What you will do:
Take the line containing "this 1600×1067 image." and every line after it to the end of the records, and copy them exactly, excluding pictures.

(Records contained in a dataset)
+===+
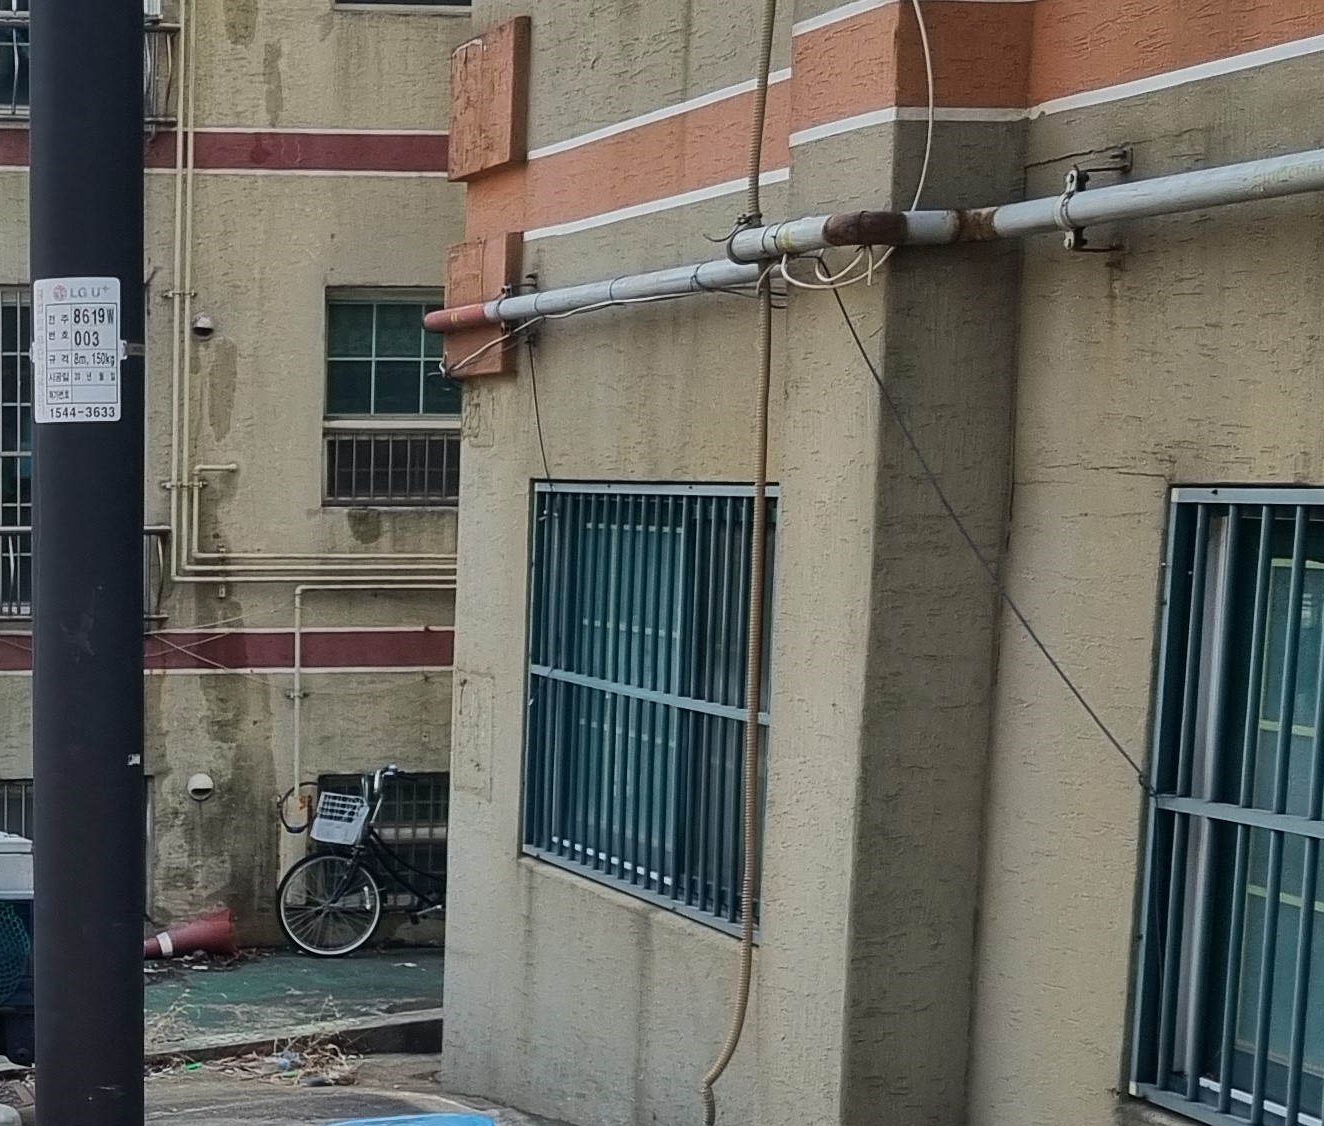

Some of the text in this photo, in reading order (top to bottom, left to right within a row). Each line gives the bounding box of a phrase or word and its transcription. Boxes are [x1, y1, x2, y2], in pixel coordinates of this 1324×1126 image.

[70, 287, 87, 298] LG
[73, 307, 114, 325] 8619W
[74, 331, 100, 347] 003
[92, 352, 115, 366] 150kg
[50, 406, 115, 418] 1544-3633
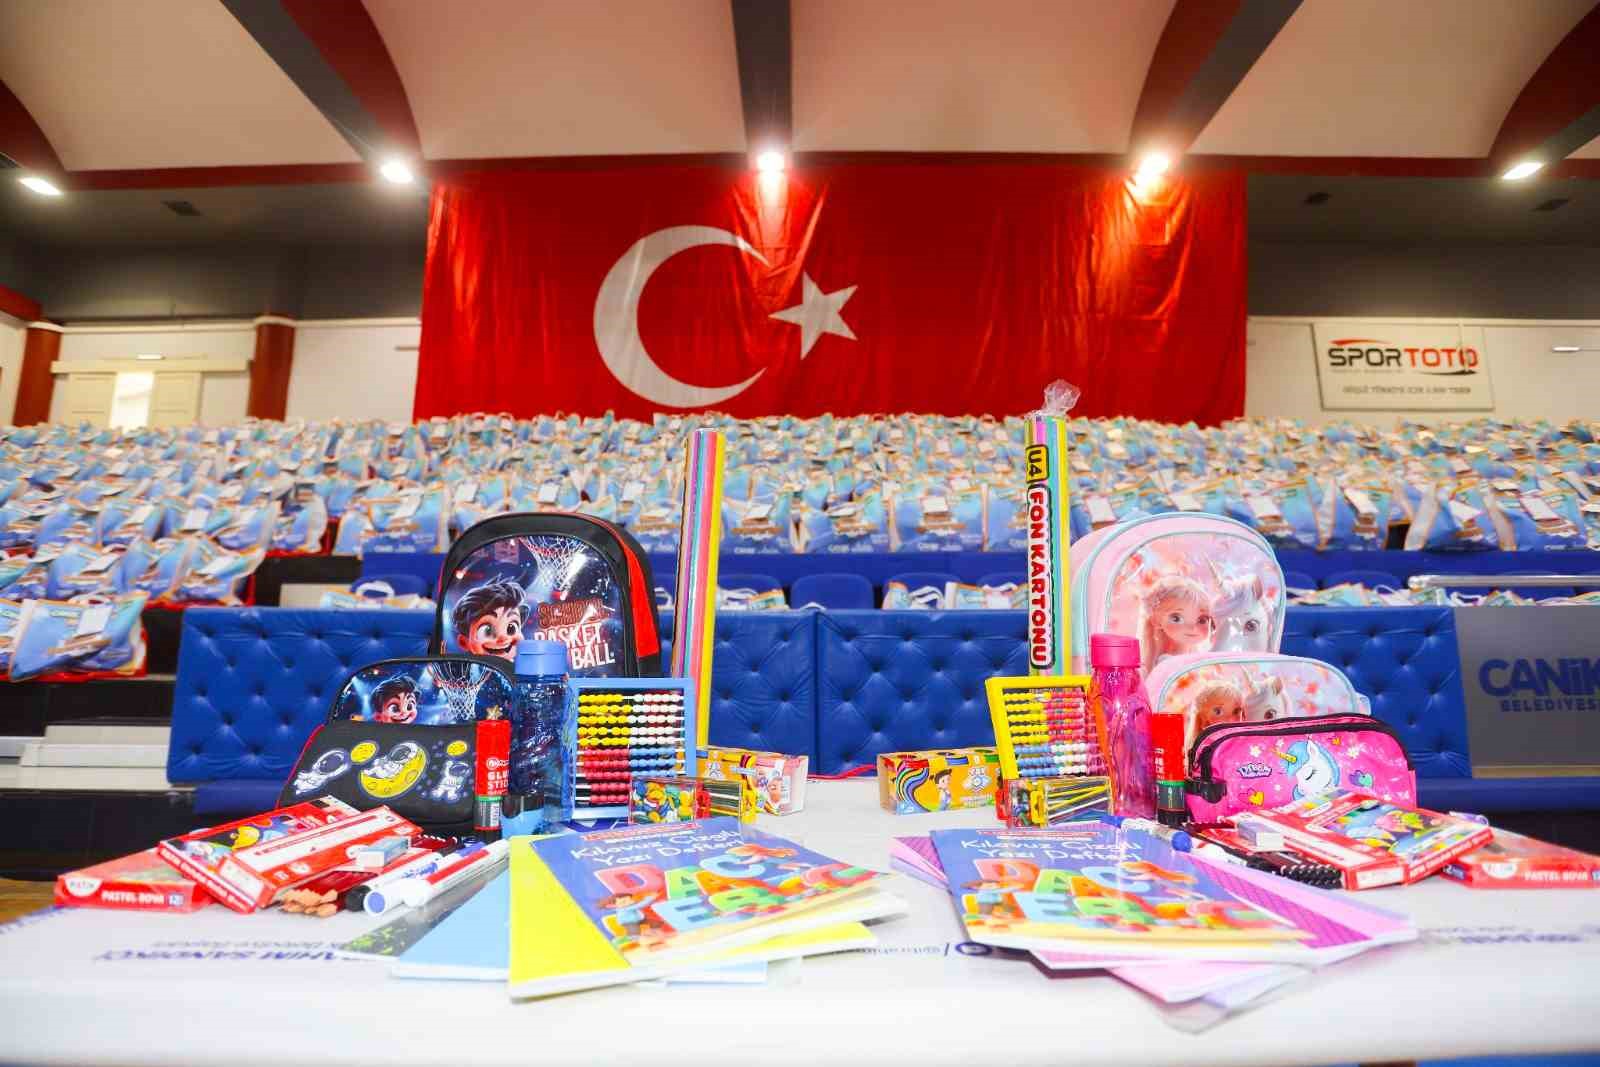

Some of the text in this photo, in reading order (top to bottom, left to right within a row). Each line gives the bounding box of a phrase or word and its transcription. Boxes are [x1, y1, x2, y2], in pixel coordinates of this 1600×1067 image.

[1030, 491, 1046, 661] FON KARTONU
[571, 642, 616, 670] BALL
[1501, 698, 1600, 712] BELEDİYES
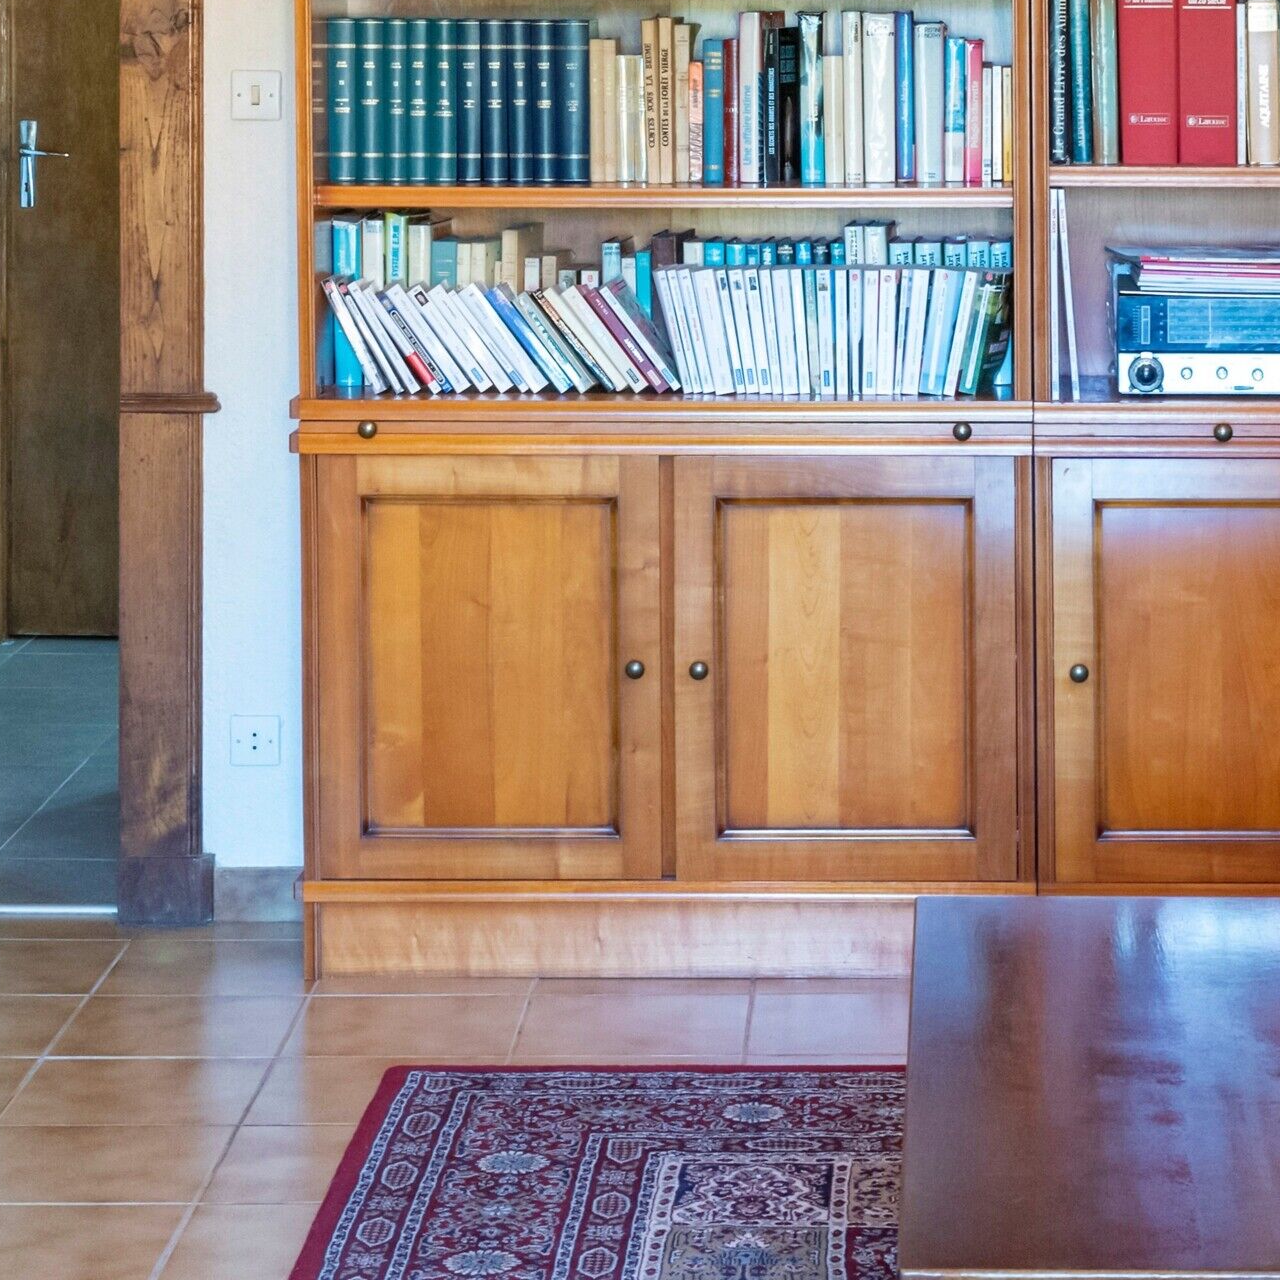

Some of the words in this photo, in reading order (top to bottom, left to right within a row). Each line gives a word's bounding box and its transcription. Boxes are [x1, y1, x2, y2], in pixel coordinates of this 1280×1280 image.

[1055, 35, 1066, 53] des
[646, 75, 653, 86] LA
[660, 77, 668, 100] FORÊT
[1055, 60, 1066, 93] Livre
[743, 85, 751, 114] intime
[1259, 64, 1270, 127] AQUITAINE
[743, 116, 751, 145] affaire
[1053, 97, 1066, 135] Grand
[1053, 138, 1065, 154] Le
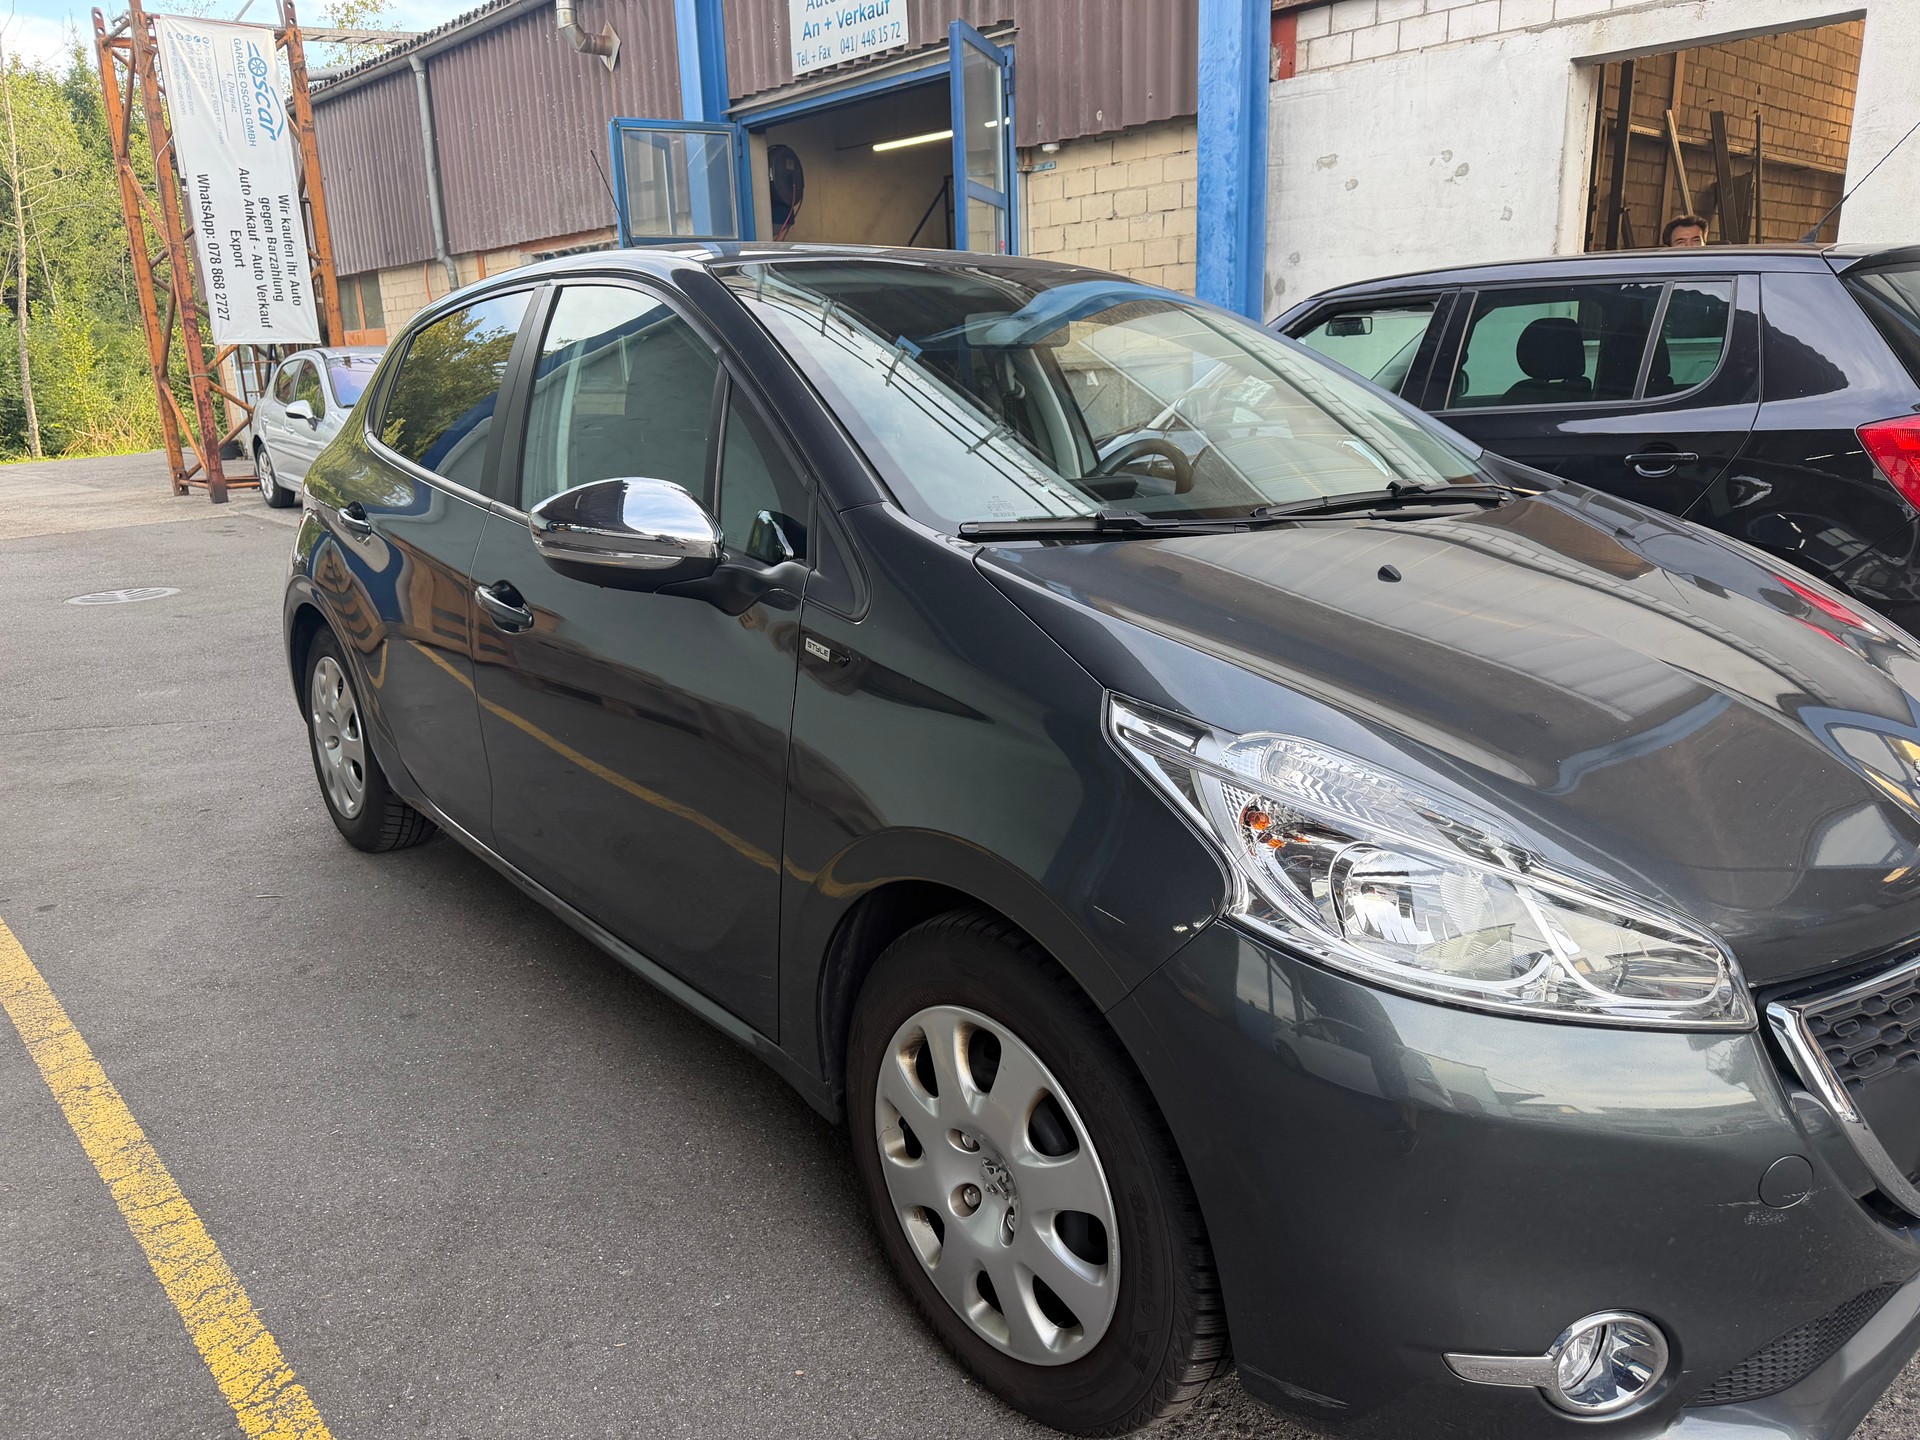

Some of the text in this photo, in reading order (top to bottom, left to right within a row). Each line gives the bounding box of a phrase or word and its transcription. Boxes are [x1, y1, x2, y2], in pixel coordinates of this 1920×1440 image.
+===+
Answer section:
Some of the text in this photo, in reading order (top to bottom, left to right within a row). Each line gives the bounding box of a phrase or word and its transcription. Boxes are [x1, y1, x2, y2], in pixel coordinates of this 1600×1067 image.

[1030, 491, 1046, 661] FON KARTONU
[571, 642, 616, 670] BALL
[1501, 698, 1600, 712] BELEDİYES

Some of the words in this photo, in reading order (top to bottom, left to right within a row). Each line gives a word's bounding box and its transcription. Boxes are [x1, y1, x2, y2], in pixel coordinates of this 1280×1280 image.

[1055, 35, 1066, 53] des
[646, 75, 653, 86] LA
[660, 77, 668, 100] FORÊT
[1055, 60, 1066, 93] Livre
[743, 85, 751, 114] intime
[1259, 64, 1270, 127] AQUITAINE
[743, 116, 751, 145] affaire
[1053, 97, 1066, 135] Grand
[1053, 138, 1065, 154] Le

Some of the text in this photo, in reading order (top to bottom, left to right within a row). Each line gives the bounding box of a phrase or word and its transcription. Boxes are [x1, y1, x2, y2], in pixel coordinates of this 1920×1440 image.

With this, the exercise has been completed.